Wednesday, January 25, 2012

here.we.go.

Well, today is the day I have come to realize that we are in the 99%.  We have come to a place where what we make does not cover our expenses for the month. These figures do not include one night out to eat. AT ALL. not birthday gifts, no girls night out, no fantasy football. These figures are the bare bones of existence for us and we cannot meet those obligations starting in one week. We knew this was coming. We have tried to prepare for it, but I don't think you can be prepared for the moment that you and your husband sit down and see it on paper -
                                                                 you are broke.

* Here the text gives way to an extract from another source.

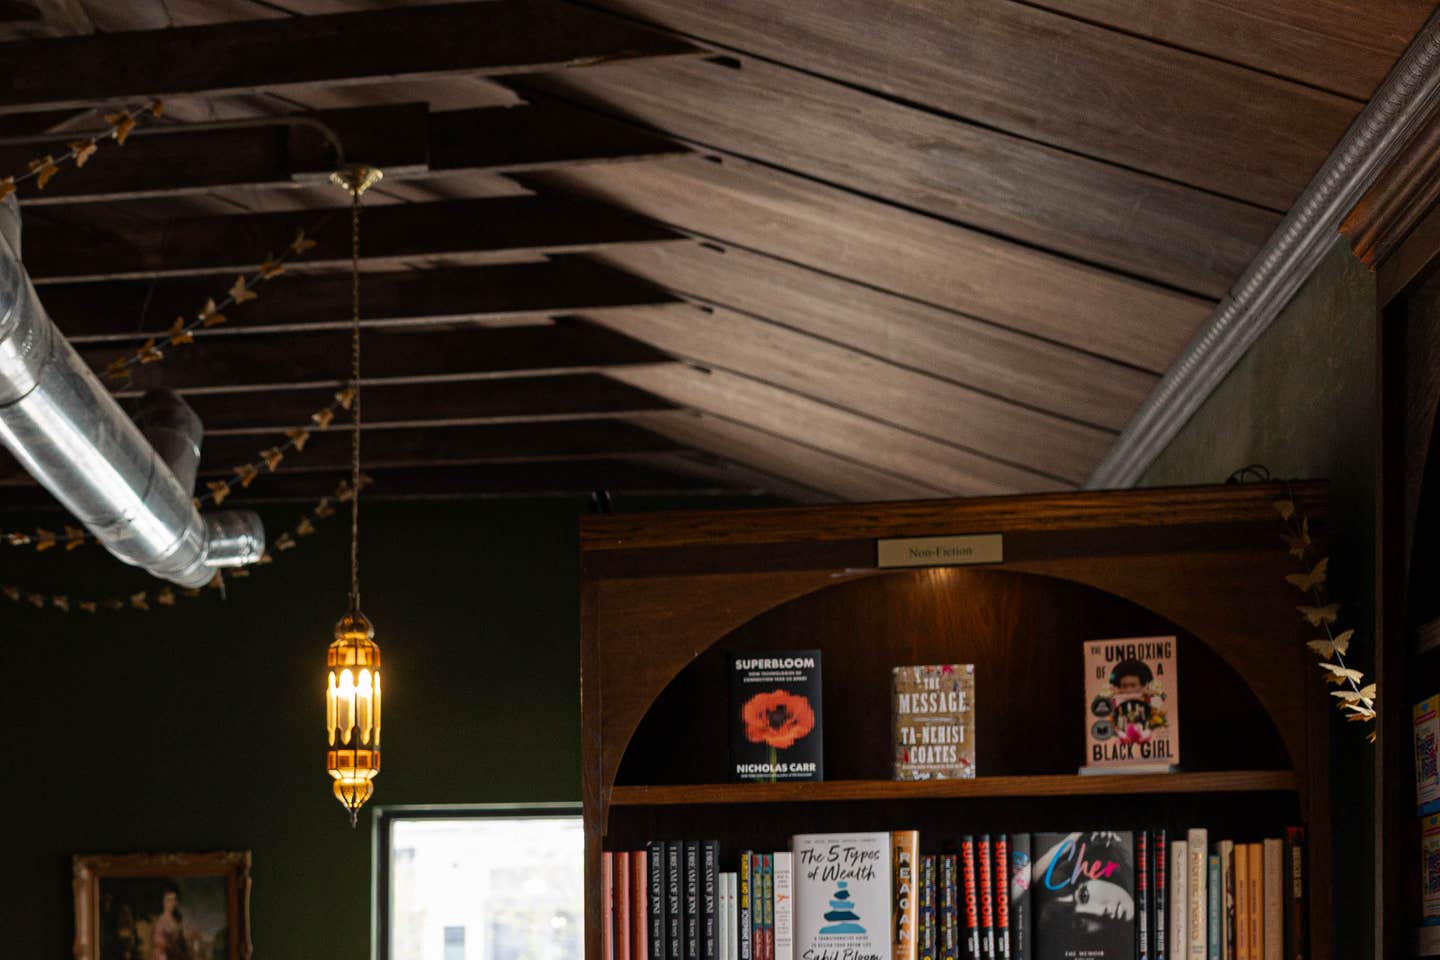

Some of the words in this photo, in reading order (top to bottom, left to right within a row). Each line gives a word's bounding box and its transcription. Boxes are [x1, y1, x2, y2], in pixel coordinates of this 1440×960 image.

 I only share this openly hoping to help others find peace and security in something higher than the check book. I have no idea how this is all going to work, but God provides for us. We can and will get through this. I cried buckets of tears last night realizing that my husband will have to look for work that will take him away from us most of the week, every week. I hate that for me, but more so for him as he will miss a lot of miss M. I would go to work, but then you have daycare costs and diapers (they won't do cloth) and many other expenses that make it stupid to switch to full time work. Then, we looked at decreasing our pay to get on assistance. That doesn't make sense either because I could not take classes back on next semester. My classes help us to pay for all the other stuff like birthdays and trips and some not-so-needed items. I am glad that this moment is finally here. I can grab life by the horns and see how this frugal living will pay off.

                                     Am I scared - yes. very much so.
                                                  Am I sad - yes.
 I have a masters and my husband has a bachelors and we are still in this predicament. My kids have no understanding of what is at stake. We have budgeted their activities in because we want them to keep at em. Gymnastics, piano, and guitar. That adds up. But we will make some sacrifices other places to make that work.

I have always been scared to look at my bank account. I have ran from the reality of credit card balances. This is our year. I said this from day one of the year. It is going to be good. God will rise us up and away from the grips from debt. It just won't be easy. or pretty. And, it may take longer than I would like. But, this is the year.

I hope that none of you face these challenges. But, you may today or someday. I am reading a Psalm and a Proverb daily. These people did not always have it easy. But God prevailed and He still does today. Even in our pocketbooks.